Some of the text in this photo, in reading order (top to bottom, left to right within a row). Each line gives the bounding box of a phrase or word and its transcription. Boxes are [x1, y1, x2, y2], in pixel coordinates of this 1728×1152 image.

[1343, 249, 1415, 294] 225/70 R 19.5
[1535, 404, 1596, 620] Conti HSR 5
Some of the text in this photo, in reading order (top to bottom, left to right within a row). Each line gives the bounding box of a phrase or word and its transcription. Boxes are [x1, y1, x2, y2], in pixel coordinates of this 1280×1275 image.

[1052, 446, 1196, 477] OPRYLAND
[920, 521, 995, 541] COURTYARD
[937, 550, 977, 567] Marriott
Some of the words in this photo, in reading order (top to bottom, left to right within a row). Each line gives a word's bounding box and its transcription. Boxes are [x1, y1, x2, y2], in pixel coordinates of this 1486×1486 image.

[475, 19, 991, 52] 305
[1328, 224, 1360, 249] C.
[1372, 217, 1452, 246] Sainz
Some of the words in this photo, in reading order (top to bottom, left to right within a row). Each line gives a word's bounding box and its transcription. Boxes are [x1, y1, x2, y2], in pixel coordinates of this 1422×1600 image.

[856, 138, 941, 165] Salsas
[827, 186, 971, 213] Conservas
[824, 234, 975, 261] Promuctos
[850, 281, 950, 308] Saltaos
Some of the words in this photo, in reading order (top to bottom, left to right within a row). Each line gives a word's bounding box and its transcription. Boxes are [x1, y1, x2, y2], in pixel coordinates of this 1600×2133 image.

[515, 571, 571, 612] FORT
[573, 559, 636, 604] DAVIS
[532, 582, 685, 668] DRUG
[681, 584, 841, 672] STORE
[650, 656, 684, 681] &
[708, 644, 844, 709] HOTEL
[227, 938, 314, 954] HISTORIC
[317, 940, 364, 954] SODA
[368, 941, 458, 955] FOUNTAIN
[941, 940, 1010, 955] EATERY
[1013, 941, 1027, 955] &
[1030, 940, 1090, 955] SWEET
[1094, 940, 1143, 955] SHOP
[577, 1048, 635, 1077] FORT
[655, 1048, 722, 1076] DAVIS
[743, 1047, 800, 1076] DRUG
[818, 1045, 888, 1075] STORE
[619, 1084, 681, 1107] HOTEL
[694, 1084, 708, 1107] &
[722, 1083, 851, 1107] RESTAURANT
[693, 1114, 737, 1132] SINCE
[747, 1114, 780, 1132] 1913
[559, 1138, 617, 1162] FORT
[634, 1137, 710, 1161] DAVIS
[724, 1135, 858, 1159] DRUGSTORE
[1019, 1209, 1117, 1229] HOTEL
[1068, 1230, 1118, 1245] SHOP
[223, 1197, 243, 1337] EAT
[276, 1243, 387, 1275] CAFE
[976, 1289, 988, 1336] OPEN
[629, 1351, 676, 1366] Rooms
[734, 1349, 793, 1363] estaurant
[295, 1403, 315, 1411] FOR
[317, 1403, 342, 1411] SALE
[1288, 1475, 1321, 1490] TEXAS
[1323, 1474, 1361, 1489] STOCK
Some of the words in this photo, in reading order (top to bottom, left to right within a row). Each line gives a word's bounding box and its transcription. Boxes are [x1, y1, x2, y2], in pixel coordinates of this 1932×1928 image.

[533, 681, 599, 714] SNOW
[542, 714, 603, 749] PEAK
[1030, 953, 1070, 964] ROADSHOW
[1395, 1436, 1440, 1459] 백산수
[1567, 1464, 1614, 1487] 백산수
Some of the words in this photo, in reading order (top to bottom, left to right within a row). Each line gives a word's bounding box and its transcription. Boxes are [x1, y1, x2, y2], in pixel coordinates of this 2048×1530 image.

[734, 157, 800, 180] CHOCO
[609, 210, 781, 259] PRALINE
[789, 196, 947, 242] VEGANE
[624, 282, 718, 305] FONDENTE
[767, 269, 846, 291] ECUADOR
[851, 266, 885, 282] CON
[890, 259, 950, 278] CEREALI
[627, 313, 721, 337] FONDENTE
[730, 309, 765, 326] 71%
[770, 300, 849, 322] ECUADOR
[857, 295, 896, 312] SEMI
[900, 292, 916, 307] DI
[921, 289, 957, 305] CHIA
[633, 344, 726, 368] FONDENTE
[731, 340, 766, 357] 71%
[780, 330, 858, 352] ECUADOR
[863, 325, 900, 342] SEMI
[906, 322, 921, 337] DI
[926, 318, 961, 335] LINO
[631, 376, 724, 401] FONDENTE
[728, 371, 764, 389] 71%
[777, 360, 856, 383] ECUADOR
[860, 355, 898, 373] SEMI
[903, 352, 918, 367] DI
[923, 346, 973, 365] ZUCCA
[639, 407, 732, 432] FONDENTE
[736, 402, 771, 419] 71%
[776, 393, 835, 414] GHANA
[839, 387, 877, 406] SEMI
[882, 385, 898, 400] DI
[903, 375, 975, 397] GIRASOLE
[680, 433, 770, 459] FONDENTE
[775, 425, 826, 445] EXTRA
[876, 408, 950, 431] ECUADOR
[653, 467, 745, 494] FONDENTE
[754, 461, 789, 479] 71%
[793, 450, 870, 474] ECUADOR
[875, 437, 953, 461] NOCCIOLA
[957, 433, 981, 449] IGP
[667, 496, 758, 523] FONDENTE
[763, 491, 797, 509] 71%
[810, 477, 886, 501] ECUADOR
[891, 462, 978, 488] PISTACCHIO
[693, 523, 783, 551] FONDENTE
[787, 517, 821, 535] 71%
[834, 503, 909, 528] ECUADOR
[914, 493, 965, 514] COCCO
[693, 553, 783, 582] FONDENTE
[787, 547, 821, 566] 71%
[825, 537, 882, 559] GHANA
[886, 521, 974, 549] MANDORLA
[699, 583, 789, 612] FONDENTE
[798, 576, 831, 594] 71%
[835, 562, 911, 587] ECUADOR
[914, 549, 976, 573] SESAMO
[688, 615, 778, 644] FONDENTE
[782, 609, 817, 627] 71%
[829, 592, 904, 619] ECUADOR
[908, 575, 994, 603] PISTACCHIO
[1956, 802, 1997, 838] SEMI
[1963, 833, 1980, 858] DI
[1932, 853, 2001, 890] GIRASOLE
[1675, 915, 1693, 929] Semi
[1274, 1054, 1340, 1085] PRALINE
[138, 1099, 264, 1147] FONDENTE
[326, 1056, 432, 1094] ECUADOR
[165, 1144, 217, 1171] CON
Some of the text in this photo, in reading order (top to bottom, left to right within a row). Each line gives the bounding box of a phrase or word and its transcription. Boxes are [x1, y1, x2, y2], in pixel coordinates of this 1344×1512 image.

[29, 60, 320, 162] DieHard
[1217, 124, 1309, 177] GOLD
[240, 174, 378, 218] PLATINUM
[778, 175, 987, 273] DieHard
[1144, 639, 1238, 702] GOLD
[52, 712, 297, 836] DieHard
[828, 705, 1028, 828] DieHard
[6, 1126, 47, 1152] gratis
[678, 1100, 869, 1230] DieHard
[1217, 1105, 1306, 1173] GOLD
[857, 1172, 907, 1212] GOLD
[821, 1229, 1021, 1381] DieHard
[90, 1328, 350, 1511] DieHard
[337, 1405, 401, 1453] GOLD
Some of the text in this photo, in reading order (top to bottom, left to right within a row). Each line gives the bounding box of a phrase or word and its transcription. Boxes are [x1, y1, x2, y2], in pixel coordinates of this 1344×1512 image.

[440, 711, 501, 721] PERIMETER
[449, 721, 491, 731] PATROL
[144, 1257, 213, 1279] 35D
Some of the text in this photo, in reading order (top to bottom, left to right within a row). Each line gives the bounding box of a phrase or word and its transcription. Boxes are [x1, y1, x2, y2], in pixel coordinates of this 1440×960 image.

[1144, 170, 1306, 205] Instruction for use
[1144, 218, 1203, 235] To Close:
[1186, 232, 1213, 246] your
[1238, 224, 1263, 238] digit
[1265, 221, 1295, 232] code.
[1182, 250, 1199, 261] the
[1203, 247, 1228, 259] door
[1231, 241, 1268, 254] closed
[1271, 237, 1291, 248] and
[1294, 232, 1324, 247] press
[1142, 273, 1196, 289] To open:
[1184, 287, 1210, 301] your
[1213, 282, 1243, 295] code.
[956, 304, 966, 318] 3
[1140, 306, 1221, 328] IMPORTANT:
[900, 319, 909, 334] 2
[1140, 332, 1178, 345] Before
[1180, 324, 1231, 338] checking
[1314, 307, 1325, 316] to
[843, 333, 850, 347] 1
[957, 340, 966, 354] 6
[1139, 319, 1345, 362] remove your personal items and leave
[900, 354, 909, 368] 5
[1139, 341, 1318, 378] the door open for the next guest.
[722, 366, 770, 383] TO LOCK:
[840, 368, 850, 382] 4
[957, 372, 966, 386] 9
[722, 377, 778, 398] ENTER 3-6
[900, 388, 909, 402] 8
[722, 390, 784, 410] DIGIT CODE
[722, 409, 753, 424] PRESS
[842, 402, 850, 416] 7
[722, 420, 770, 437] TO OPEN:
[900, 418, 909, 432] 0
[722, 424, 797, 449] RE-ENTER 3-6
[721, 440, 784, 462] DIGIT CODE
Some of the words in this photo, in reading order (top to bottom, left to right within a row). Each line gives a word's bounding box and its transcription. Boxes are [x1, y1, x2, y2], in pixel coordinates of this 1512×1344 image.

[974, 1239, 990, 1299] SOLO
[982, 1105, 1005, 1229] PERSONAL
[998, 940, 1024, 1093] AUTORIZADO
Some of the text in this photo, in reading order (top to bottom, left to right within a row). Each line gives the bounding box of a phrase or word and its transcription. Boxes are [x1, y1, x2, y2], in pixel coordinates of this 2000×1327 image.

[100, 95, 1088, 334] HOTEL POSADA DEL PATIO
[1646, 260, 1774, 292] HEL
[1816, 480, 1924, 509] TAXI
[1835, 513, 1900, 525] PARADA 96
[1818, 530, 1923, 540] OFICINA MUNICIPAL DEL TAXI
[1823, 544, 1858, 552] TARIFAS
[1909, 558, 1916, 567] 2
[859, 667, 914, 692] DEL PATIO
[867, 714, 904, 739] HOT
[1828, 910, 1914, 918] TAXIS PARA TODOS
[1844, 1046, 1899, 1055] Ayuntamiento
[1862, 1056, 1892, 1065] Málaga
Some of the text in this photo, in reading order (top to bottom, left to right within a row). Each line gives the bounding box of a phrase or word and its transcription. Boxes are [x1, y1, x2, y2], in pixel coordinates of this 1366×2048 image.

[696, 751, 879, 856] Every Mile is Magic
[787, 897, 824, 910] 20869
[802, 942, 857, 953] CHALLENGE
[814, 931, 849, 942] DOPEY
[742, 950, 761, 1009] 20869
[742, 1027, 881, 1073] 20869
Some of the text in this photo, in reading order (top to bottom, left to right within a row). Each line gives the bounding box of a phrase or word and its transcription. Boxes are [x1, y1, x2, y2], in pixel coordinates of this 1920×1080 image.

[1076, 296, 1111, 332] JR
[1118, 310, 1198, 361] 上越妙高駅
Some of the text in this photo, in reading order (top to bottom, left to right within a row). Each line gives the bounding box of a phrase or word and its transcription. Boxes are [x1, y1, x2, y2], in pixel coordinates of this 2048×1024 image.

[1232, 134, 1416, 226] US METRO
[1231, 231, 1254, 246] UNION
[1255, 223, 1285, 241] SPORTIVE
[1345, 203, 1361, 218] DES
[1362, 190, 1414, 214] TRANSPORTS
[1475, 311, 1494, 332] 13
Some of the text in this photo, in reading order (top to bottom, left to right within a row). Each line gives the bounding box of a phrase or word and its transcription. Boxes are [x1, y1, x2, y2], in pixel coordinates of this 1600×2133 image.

**Task goal:** From the line that holds "this 2048×1024 image." down to the last line of the material, copy every line exactly and add nothing.

**Answer to this problem:**
Some of the text in this photo, in reading order (top to bottom, left to right within a row). Each line gives the bounding box of a phrase or word and its transcription. Boxes are [x1, y1, x2, y2], in pixel coordinates of this 2048×1024 image.

[1232, 134, 1416, 226] US METRO
[1231, 231, 1254, 246] UNION
[1255, 223, 1285, 241] SPORTIVE
[1345, 203, 1361, 218] DES
[1362, 190, 1414, 214] TRANSPORTS
[1475, 311, 1494, 332] 13
Some of the text in this photo, in reading order (top to bottom, left to right within a row). Each line gives the bounding box of a phrase or word and its transcription. Boxes are [x1, y1, x2, y2], in pixel coordinates of this 1600×2133 image.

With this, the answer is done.